Short Story: Realities by Nabanita Sengupta
I have to dress myself in red today. Sorry Somesh, for being unfaithful to you. I could have fought them all but for our children. They say I must agree to their plan. They are both so grown up now – Jia and Sahil! They advise me on everything as if I am a little child. But marriage? No! No! That cannot be! Everyone tells me that I have been married to Pratik for years. But why do I draw a blank at that? Pratik is nice, familiar, comfortable; we even share the same house! Just the other day I had to chase him out of my room – he was lazing around as if he belonged there! And then there is that wedding album! They carry a hundred of our wedding pictures – happy moments frozen in four by six glossy papers. Such vibrant colours – if only my memory was as sharp as these. But memory fails me. It becomes as fuzzy as a Delhi winter morning, unfocussed, blurred yet somewhere just within reach. Only I have no access to it. By the way, have you ever known anyone who forgets her own wedding? All of them forget that I am a widow, Somesh’s widow. It is not for me to marry. I remember pishi, my father was so protective about her, yet could he save her from a heartbreak? She left eating fish, gave away all her ornaments, wore only white and remained buried under the weight of various rituals and customs. She looked like a ghost biding her time in this world. Wasn’t this the fate of all widows? Wasn’t this what grandfather told her, she being the apple of his eyes? I remember feeling so sad for her. I wanted to find a prince charming to take her away from this repressive world. When I said that to her once, she smiled – a smile of such sadness that my heart shattered into a thousand pieces. I never repeated it to her again. But look at my own children – harping about their own mother’s wedding in which they too claim to have participated! Disgusting, yet I cannot bring myself to be angry with them for a long time. If they are mistaken, it is my duty to lead them to the truth.
All those who say that I have remarried – how could I go against my pishi and dadu! I have asked him too – that man, who keeps coming here. He seems to keep a level head. He asked me not to sweat over it. He said he is okay both ways. But this also means he avoided giving me a direct answer. I might be a forgetful woman but I am not stupid! Still, I shall not think about it much. It drives me so tired. I wish pishi could come and sing me to sleep. Her voice soothes all my tensions. I shall sleep, then perhaps ma might run her fingers through my long hairs. When she does that, all my worries fade away.
I often think there is something wrong with me. I have to take pills to keep myself interested in life, motivated. I need to keep seeing doctors but nobody tells me what’s wrong. There are times when I am so mad that I want to tear up everything. I am tired. I keep losing things. The other day, I could not find my pillow. I cannot sleep without it so I turned my room upside down looking for it. It was a pillow, not a pair of glasses or a pen or something small that it might be lurking in some neglected corner, avoiding my frantic search operation. It was a fluffy and soft, medium sized yellow pillow with red Polka dots on it. I was so exhausted searching for it that I broke down crying. Just then Jia entered, held my hand and led me to my bed. She put another pillow and said, ma try lying down on this. I am sure you will find this one comfortable too because I have myself bought it for you. Clever girl! She knows how to sooth me. I have never refused anything to Pratik too, that is, till today – when he tried to hug me in the morning. Perhaps he meant no harm, did he always hug me so? My clever girl Jia, she led me to my pillow and fondled my hairs. Though thoughts of my lost polka dot pillow kept recurring, I fell asleep. Perhaps it was the magic of a daughter’s touch! I slept for two long hours in the afternoon and woke up feeling refreshed.

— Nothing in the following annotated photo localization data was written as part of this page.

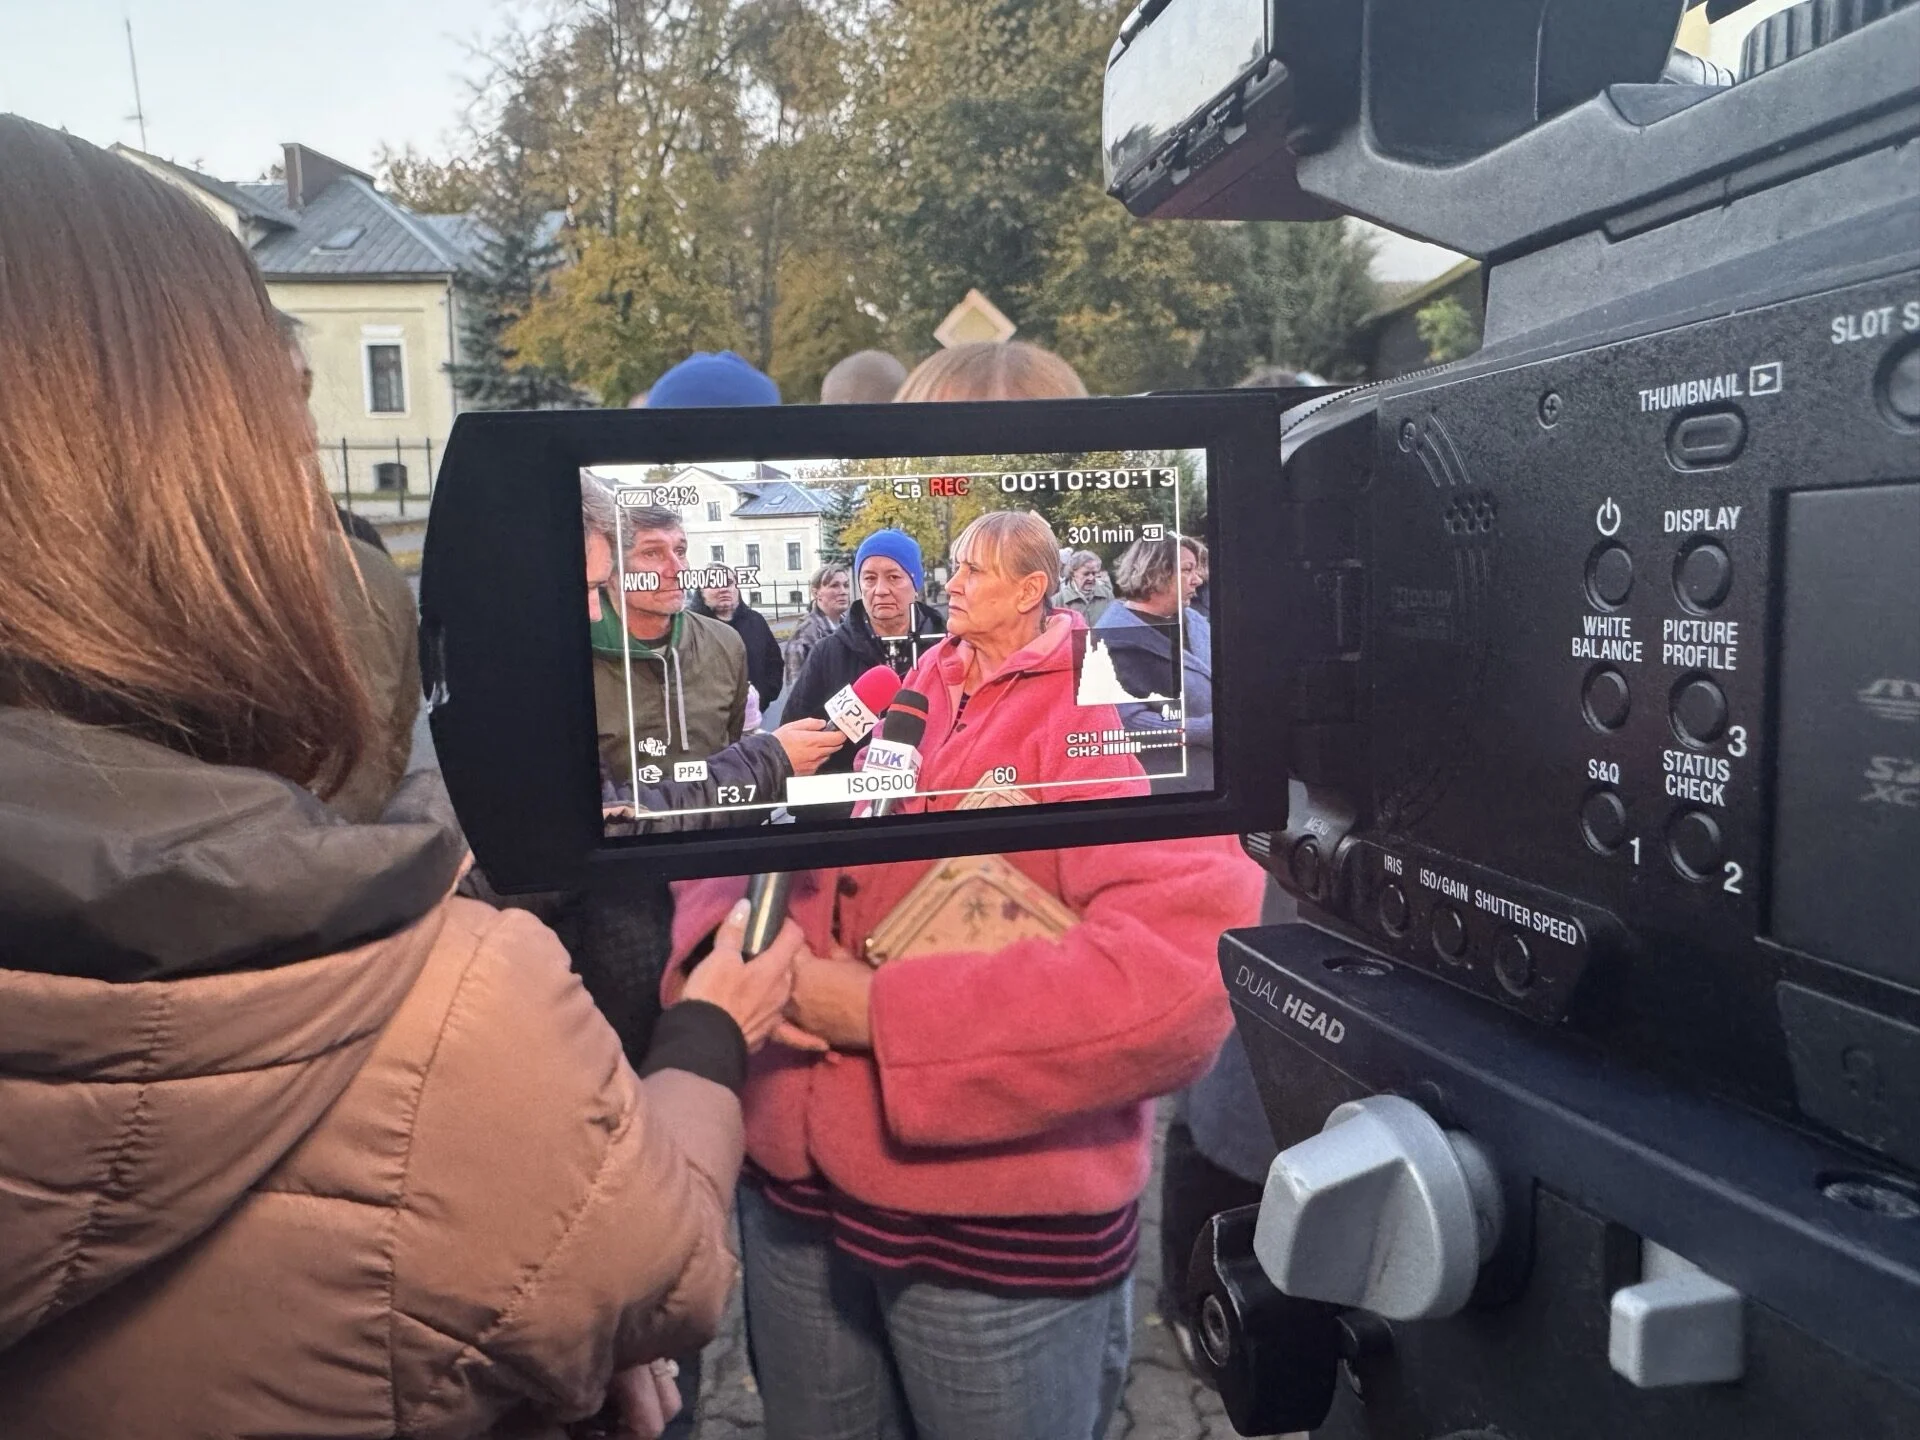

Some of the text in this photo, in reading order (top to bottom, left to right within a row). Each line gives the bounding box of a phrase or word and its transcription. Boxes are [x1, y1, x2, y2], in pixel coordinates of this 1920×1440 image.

[1831, 307, 1894, 345] SLOT
[1639, 373, 1744, 413] THUMBNAIL
[929, 476, 969, 497] REC
[1001, 469, 1175, 493] 00:10:30:13
[655, 487, 699, 506] 84%
[1664, 506, 1742, 533] DISPLAY
[623, 571, 660, 593] AVCHD
[676, 567, 729, 590] 1080/50i
[1583, 615, 1632, 639] WHITE
[1663, 619, 1739, 646] PICTURE
[1571, 637, 1643, 663] BALANCE
[1663, 644, 1737, 671] PROFILE
[1066, 731, 1098, 745] CH1
[1727, 725, 1748, 757] 3
[869, 748, 905, 768] TVK
[1066, 744, 1100, 758] CH2
[678, 766, 703, 778] PP4
[993, 766, 1017, 784] 60
[1588, 759, 1620, 785] S&Q
[1663, 750, 1730, 783] STATUS
[717, 784, 757, 805] F3.7
[847, 773, 915, 794] ISO500
[1665, 774, 1726, 807] CHECK
[1304, 816, 1329, 836] MENU
[1629, 837, 1641, 865] 1
[1384, 854, 1403, 876] IRIS
[1723, 861, 1744, 894] 2
[1419, 867, 1469, 903] ISO/GAIN
[1475, 889, 1577, 946] SHUTTER SPEED
[1235, 964, 1346, 1045] DUAL HEAD

But today’s matter is lying heavy on me. They say it is my wedding anniversary. They say I must get dressed today. But I got married to Somesh in the monsoon and it is winter now. They say it is Pratik and my wedding anniversary; that I have long neglected him; that I should show him a bit of love at least. I do not know, I don’t understand. My head is reeling in pain and I feel faint. I can feel that anger slowly building up inside me – like a bottled up drinking soda shaken till the container can hold no more. I shall burst like that soda bottle anytime and sputter and splatter over anyone near me. I must check my emotions. Life may be hopeless at times but you have to adjust.
As she stepped out of the bathroom this morning, she just had the towel wrapped around her. Her long hair left a trail of water beads on the floor, pearl drops that I wished to gather and string back on her hair. Water droplets ran down her elbows and her knees making me go weak at this age too! I just wanted to hold her tight like the old times. Or I could just leave a trail of kisses all over her. So what if we are on the wrong side of fifty; I winked at myself. I could simply wrap my arms around her to feel her cool skin against mine and breathe in her scent. But I can do none of these. I can only sigh and watch her from a distance.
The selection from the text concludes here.